Things are perhaps a little more “normal” on Sunday though Rock ‘n’ Roller Coaster’s wait times are ridiculous, Star Tours hits 120 minutes in the afternoon and sees one of its highest averages of the year, and Great Movie Ride’s average wait of 37 minutes is high as is the 70-minute peak. But Tower of Terror at least gets its act together with an average standby wait that’s over 100 minutes shorter than the day before. Toy Story Mania’s wait time is creeping back up, potentially because of downtime at one of the tracks.

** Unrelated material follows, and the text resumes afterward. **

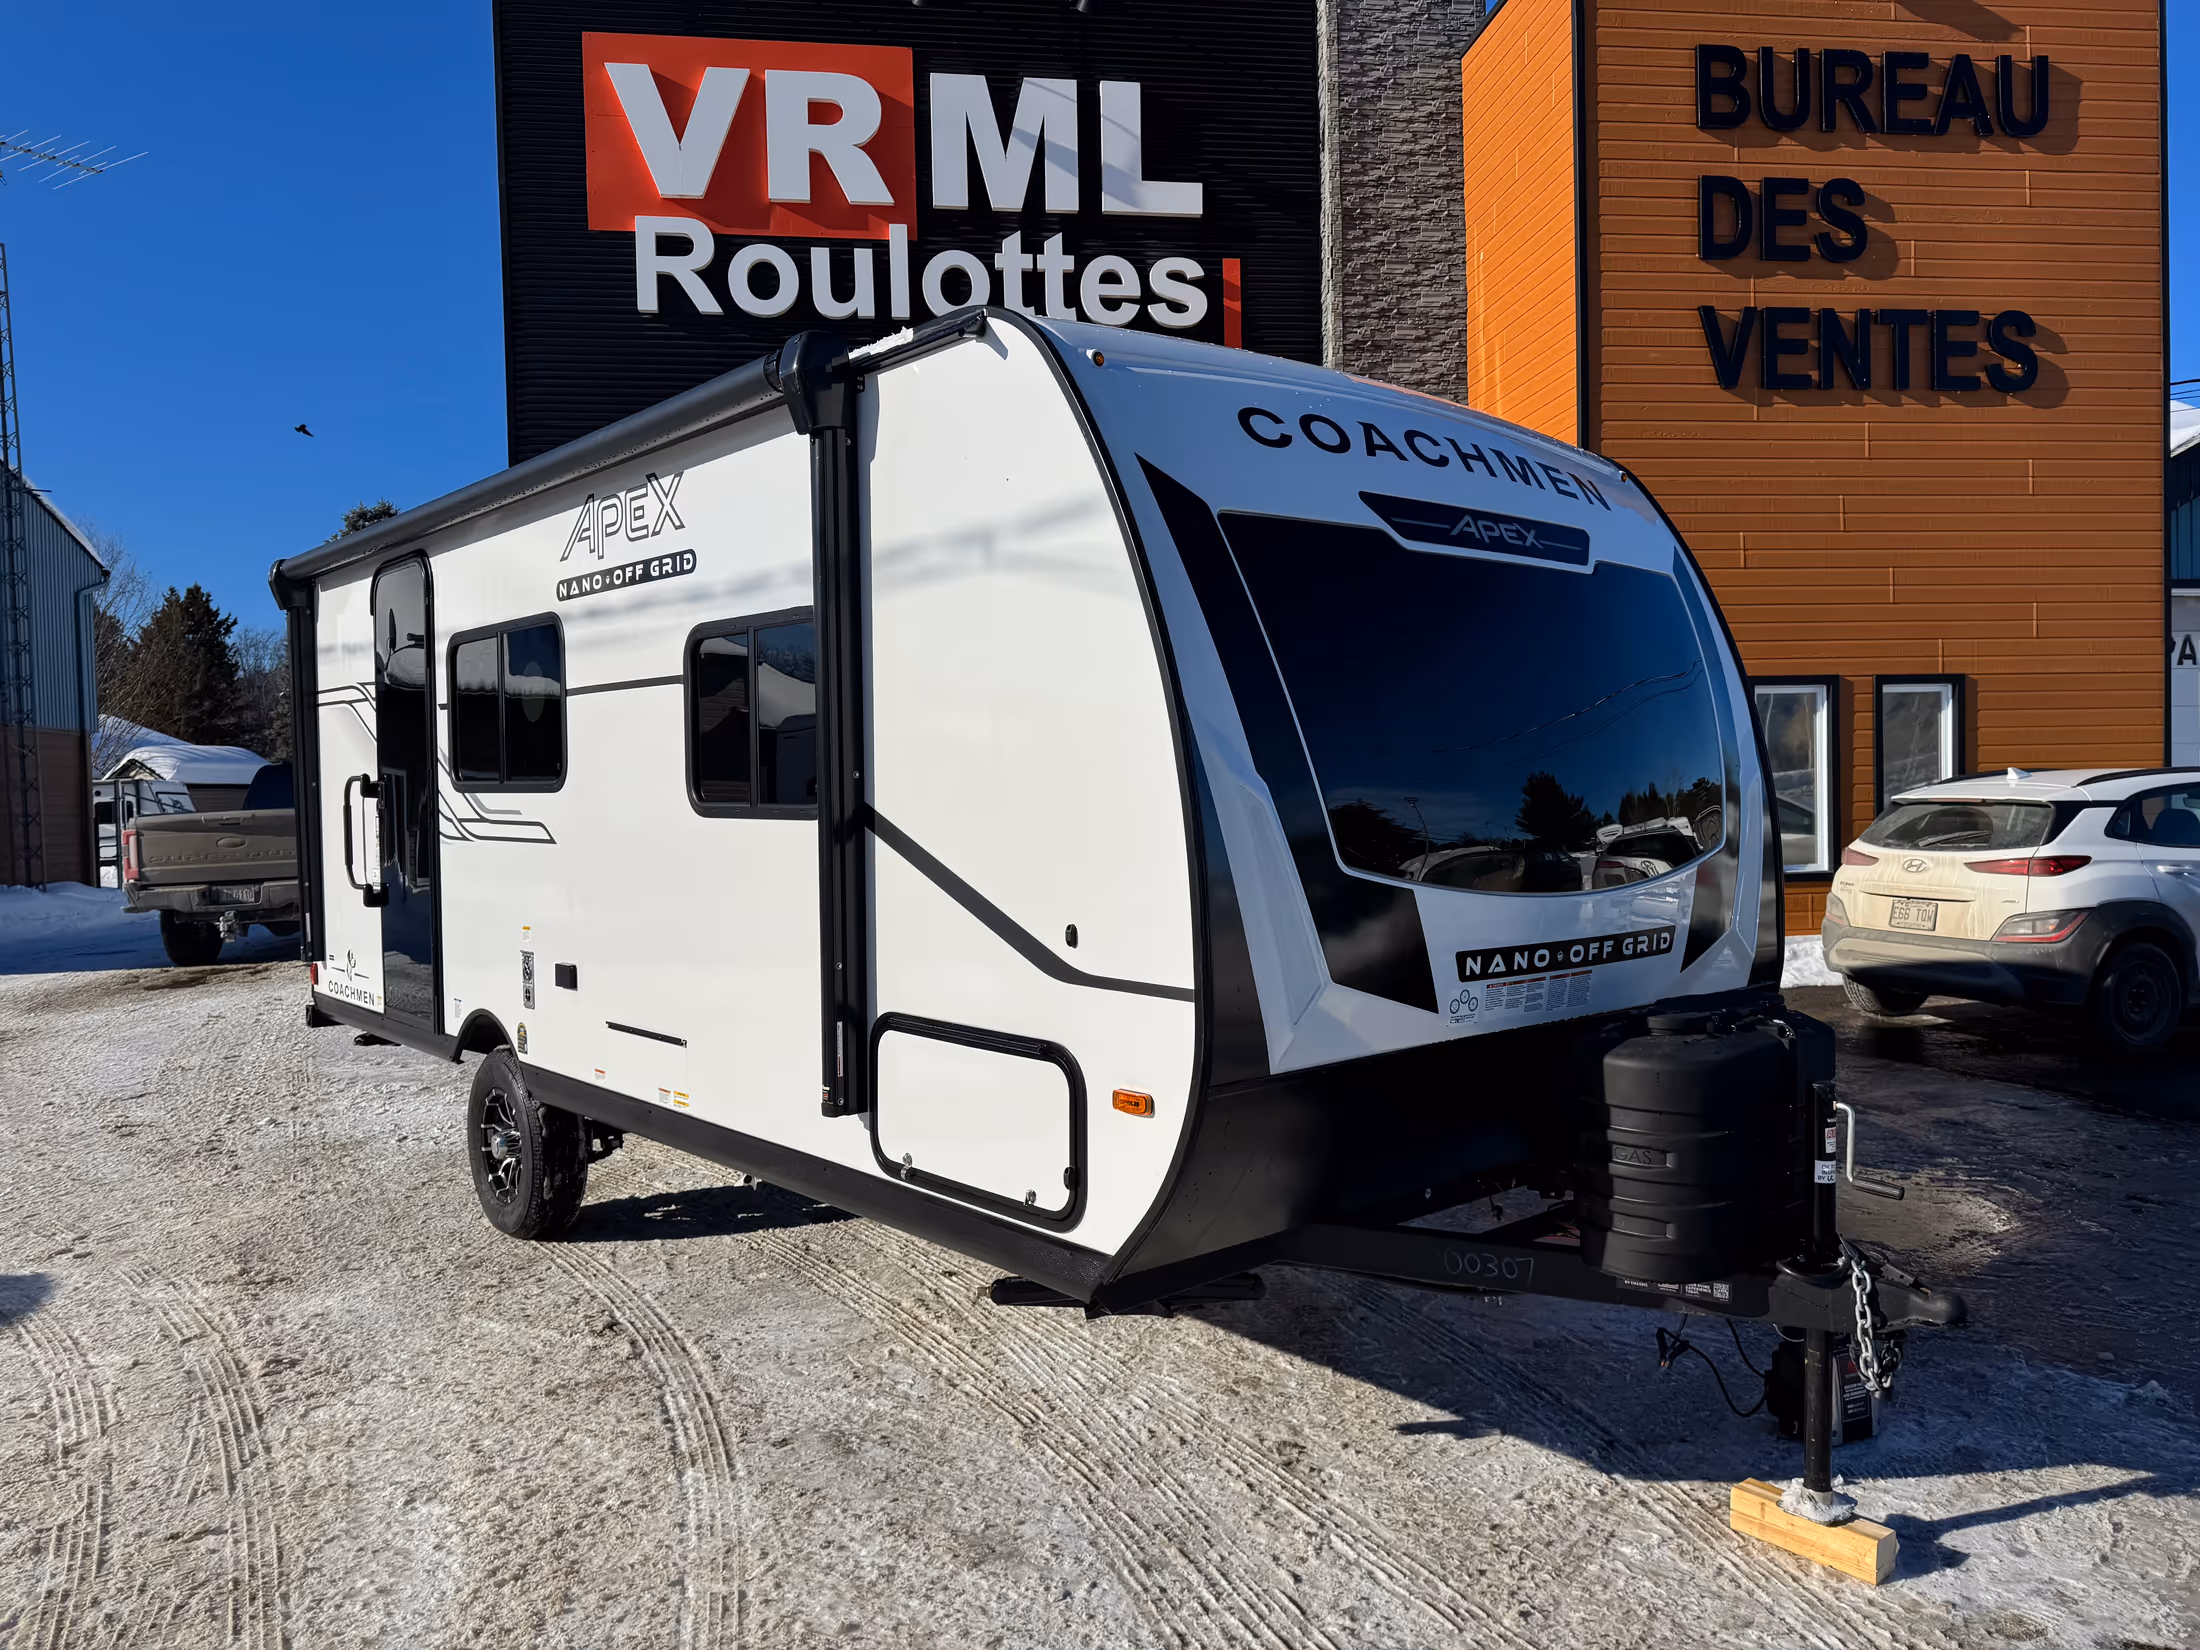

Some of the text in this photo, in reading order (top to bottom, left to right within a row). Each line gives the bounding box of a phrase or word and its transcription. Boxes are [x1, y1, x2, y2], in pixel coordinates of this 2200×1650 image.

And finally Monday, which is more of the same. It will be interesting to see how Toy Story Mania wait times are affected by the third track once Disney figures out how many FP+ experiences to distribute for it. Back after Mine Train opened at Magic Kingdom, Disney fiddled with the numbers for about five months. Obviously this is not an all-new attraction so it shouldn’t be that long. Looking over the next few days, it does look like FP+ availability has increased considerably, though morning return times are still tough to come by on such short notice. But we’ve gone from “literally” no availability for days at a time to availability in about a dozen different time slots for dates as close as tomorrow. It would remain unlikely that the ride would be available as a 4th FP+, but more FP+ in circulation means they are more likely to be canceled and that is potentially good news for those that can’t refresh FastPass+ availability fast enough.
While we should get a better idea about Toy Story wait times over the next two weeks, it looks like increasing the capacity has brought 80- and 90-minute waits down to 50 to 70. The website will continue to monitor the situation.
While Magic Kingdom’s additions aren’t nearly as exciting as Animal Kingdom or Epcot, the Park may end up benefiting the most as all of those people visiting Animal Kingdom at 9pm aren’t watching the Main Street Electrical Parade and waiting for Wishes at Magic Kingdom. Epcot’s attendance had dipped double digits compared to last year during the first four months of this year, but the Park should rebound and pick up considerably this summer with the new additions.
Since I’ve covered Magic Kingdom trends in depth over the last week or so, I won’t go into a tremendous amount of depth here as the many numbers speak for themselves. But these wait times are more than reasonable for a major holiday weekend heading into summer. Jungle Book certainly pulled away thousands and thousands of people.
It’s just about the same story on Sunday with an overall average wait within one minute of Saturday. Mine Train has now been open for more than two years but still sees the longest average wait most days.
And a drop in waits on Monday with evening rain closing outdoor attractions from 9:30pm – 11:45pm.
We should have a better idea about how wait times will progress over the summer from the first week in June. Will update when those numbers come in.